Ao lado do renomado François Chesnais, dirigentes de organizações da esquerda francesa, da inglesa, e até da norte-americana, para além de dirigentes sindicais venezuelanos e do deputado argentino Mario Cafiero, coincidiam num ponto. É fundamental a formação de frentes unitárias táticas no contexto atual. Conjugando mobilização social ampla com participação no processo institucional. Mas não abrindo mão da obrigatória relação permanente, desta unidade na ação, com o objetivo estratégico da luta pelo socialismo.

Parecia, pela sofisticação nas formulações, plenária do velho Partido dos Trabalhadores. Mas não era.

Quem se apertava no espaçoso auditório eram militantes do P-Sol que, com a adesão do senador Geraldo Mesquita, cresce na trilha da senadora Heloisa Helena e dos deputados Babá e Luciana Genro - expulsos e hoje reconhecidos pelo papel premonitório, desempenhado na denúncia da guinada ideológica do PT.

O êxito na prática de alianças corretas era ilustrada com o relato das mobilizações populares em outros continentes. Pelo voto contrário à Constituição européia, na França e na Holanda. Ou pela retirada das tropas de ocupação do Iraque, na Inglaterra e nos EUA. Ou na participação ativa dos socialistas venezuelanos na defesa do governo Chávez contra as investidas de direita, organizadas e financiadas pela Casa Branca, mas sem abrir mão das exigências pelo poder popular.

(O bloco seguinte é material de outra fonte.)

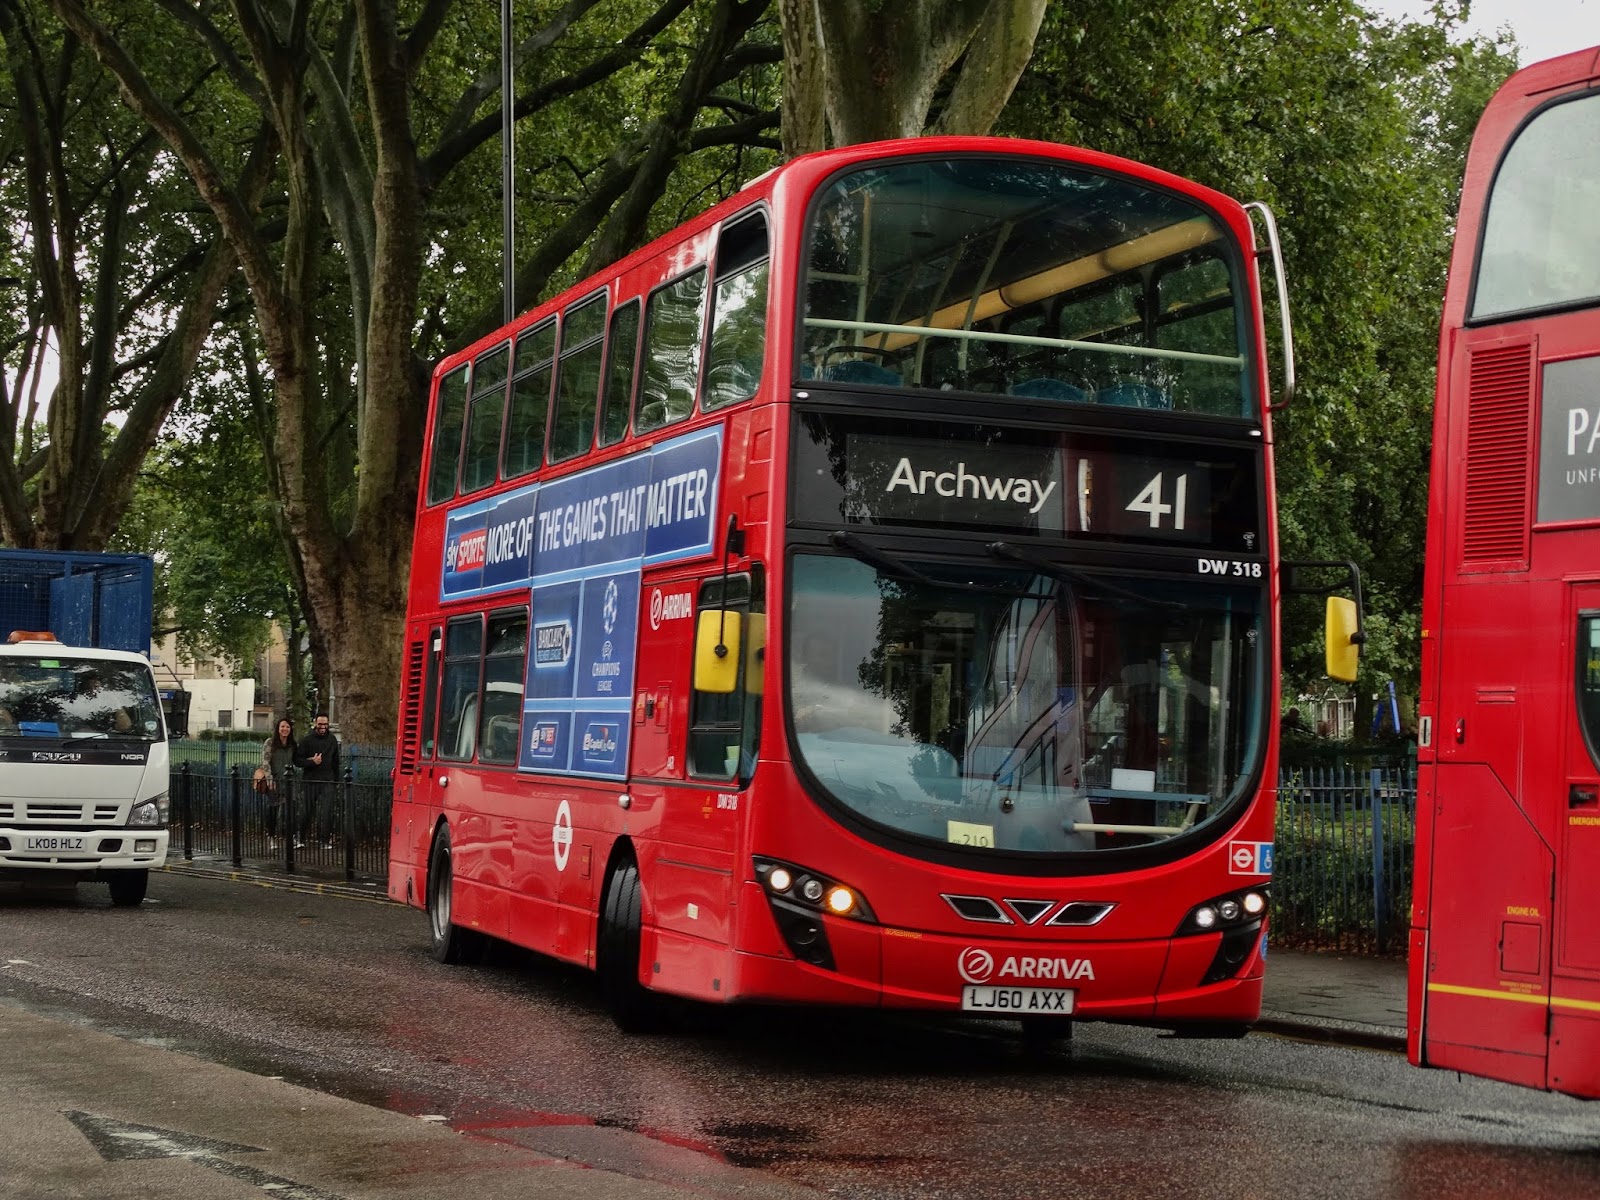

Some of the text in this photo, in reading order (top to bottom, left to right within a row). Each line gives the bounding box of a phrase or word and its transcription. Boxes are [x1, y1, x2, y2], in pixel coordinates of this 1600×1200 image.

Consensual, também, foi a conclusão de que, no contexto da hegemonia absoluta da especulação financeira sobre as atividades produtivas, o neoliberalismo predador, marcante da conjuntura atual, é a verdadeira essência do capitalismo. O welfare state dos anos 50 e 60 não teria sido mais que exceção histórica; contraponto necessário, diante da crescente influência dos partidos comunistas e socialistas nos principais países da Europa ocidental, após a derrota no nazi-fascismo na II Guerra Mundial.

Mas, decomposta a União Soviética, o capitalismo estaria de volta ao seu verdadeiro perfil - toda força à desconstrução dos principais direitos sociais conquistados naquele curto período ''humanizado'', e legalização dos métodos predatórios de exploração do trabalho que marcaram sua etapa inicial.

As seqüelas resultantes já seriam gritantes: o estabelecimento do desemprego estrutural, por meio da flexibilização das leis do trabalho, é lido como ''índice de competitividade''. E a transformação de seguridade social, educação e saúde públicas em mercadorias geradoras de lucros para o capital privado estabelece-se como paradigma da ''nova'' velha ordem.

O governo Lula, é claro, não foi poupado. A totalidade dos participantes - os brasileiros, que nele votaram, e os estrangeiros, que nele depositaram esperanças - não ocultavam a profunda decepção. Coincidiam na avaliação do quanto foi perdido, em função do significado da chegada ao poder, pelo voto, de um partido socialista, com forte simbolismo transformador, terminar transformado em instrumento eficaz exatamente do oposto ao que sempre se propôs. Em agente do fortalecimento da ideologia neoliberal em toda a região.

Mas definiram suas presenças no seminário como prova da esperança no renascimento de uma esquerda socialista libertária.